→ Try it
Every entry must be set down exactly in the answer; no pictures should appear.

### Records for this exercise ###

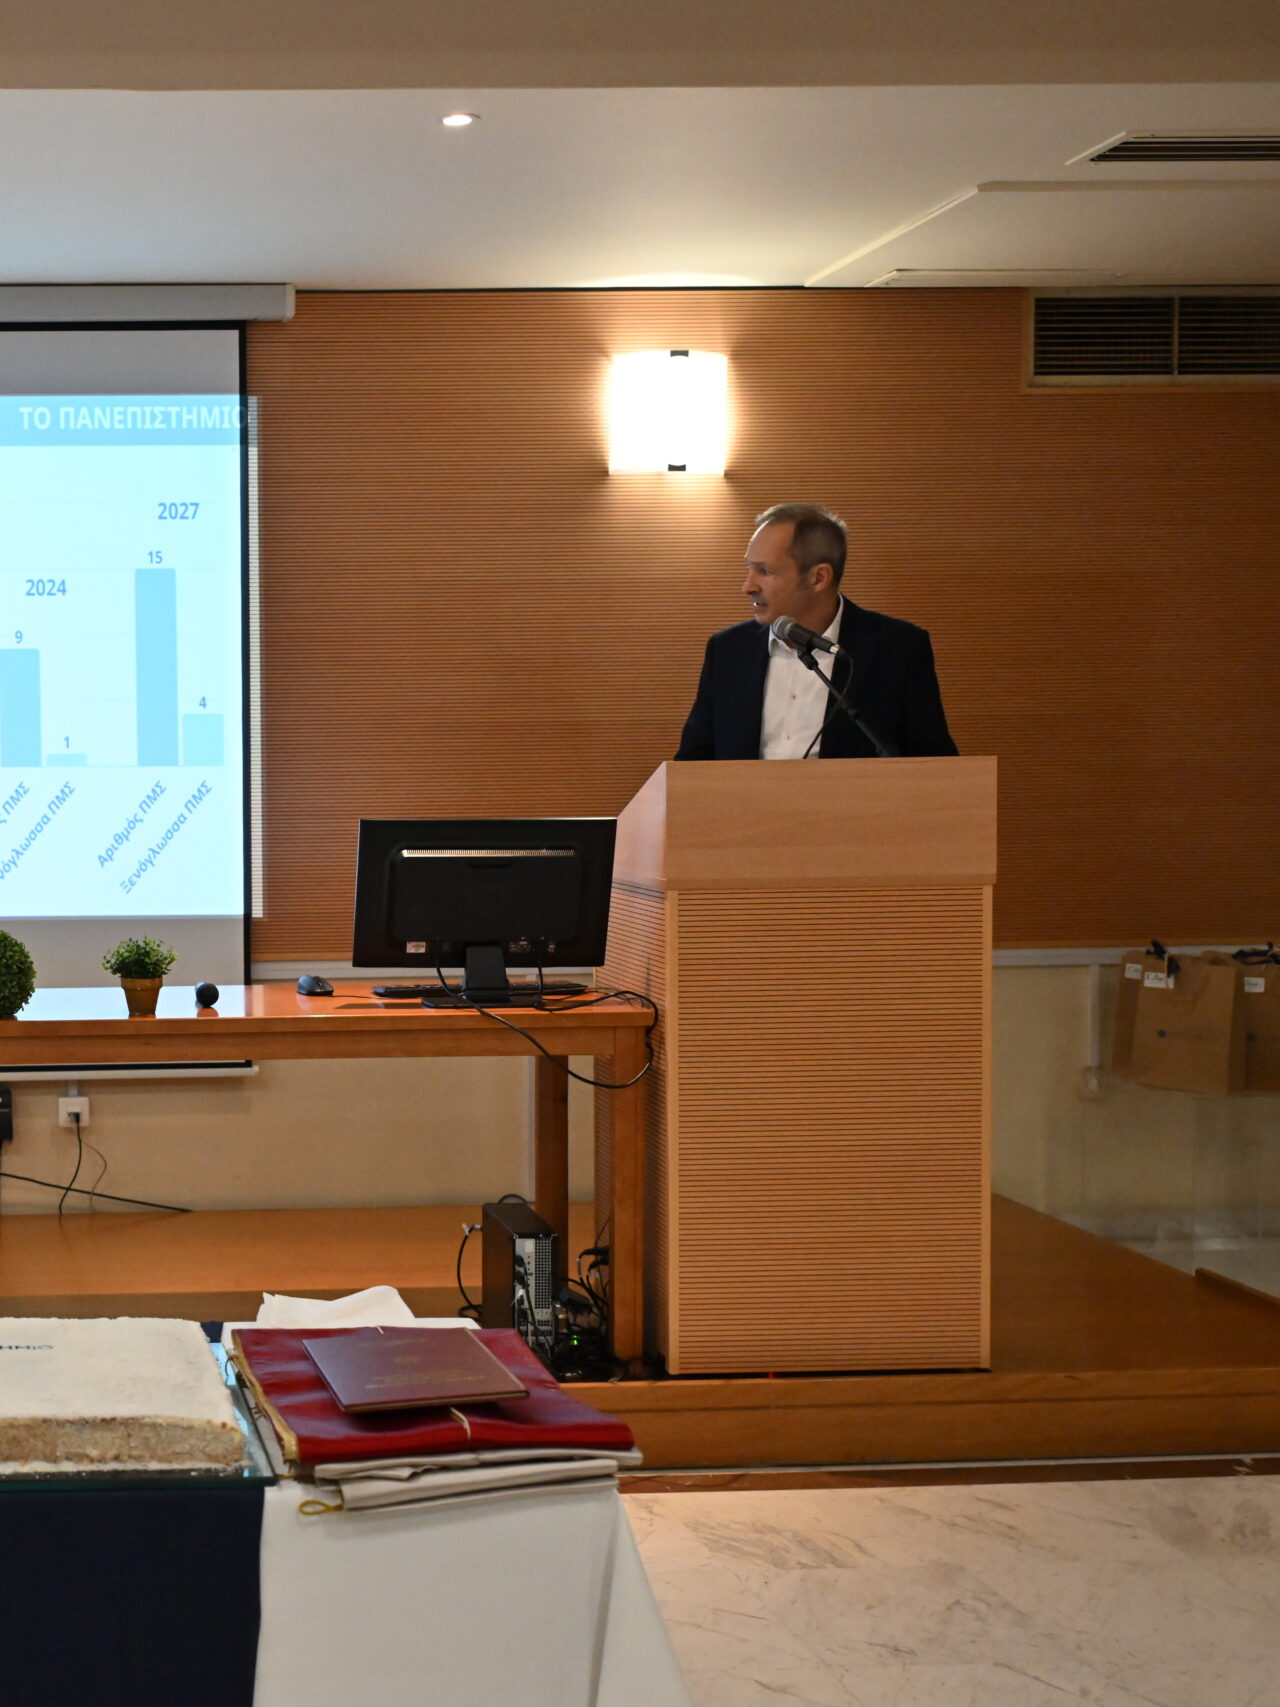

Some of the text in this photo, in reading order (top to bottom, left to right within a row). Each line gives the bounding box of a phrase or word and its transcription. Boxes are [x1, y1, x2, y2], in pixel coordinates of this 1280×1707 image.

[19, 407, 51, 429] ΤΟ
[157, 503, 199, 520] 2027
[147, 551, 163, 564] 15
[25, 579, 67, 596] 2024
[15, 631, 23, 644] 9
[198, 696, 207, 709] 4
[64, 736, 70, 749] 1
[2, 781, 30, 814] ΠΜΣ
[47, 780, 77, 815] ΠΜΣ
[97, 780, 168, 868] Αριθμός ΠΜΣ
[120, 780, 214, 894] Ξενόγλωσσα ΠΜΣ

###

→ Reply to the exercise
Some of the text in this photo, in reading order (top to bottom, left to right within a row). Each line gives the bounding box of a phrase or word and its transcription. Boxes are [x1, y1, x2, y2], in pixel coordinates of this 1280×1707 image.

[19, 407, 51, 429] ΤΟ
[157, 503, 199, 520] 2027
[147, 551, 163, 564] 15
[25, 579, 67, 596] 2024
[15, 631, 23, 644] 9
[198, 696, 207, 709] 4
[64, 736, 70, 749] 1
[2, 781, 30, 814] ΠΜΣ
[47, 780, 77, 815] ΠΜΣ
[97, 780, 168, 868] Αριθμός ΠΜΣ
[120, 780, 214, 894] Ξενόγλωσσα ΠΜΣ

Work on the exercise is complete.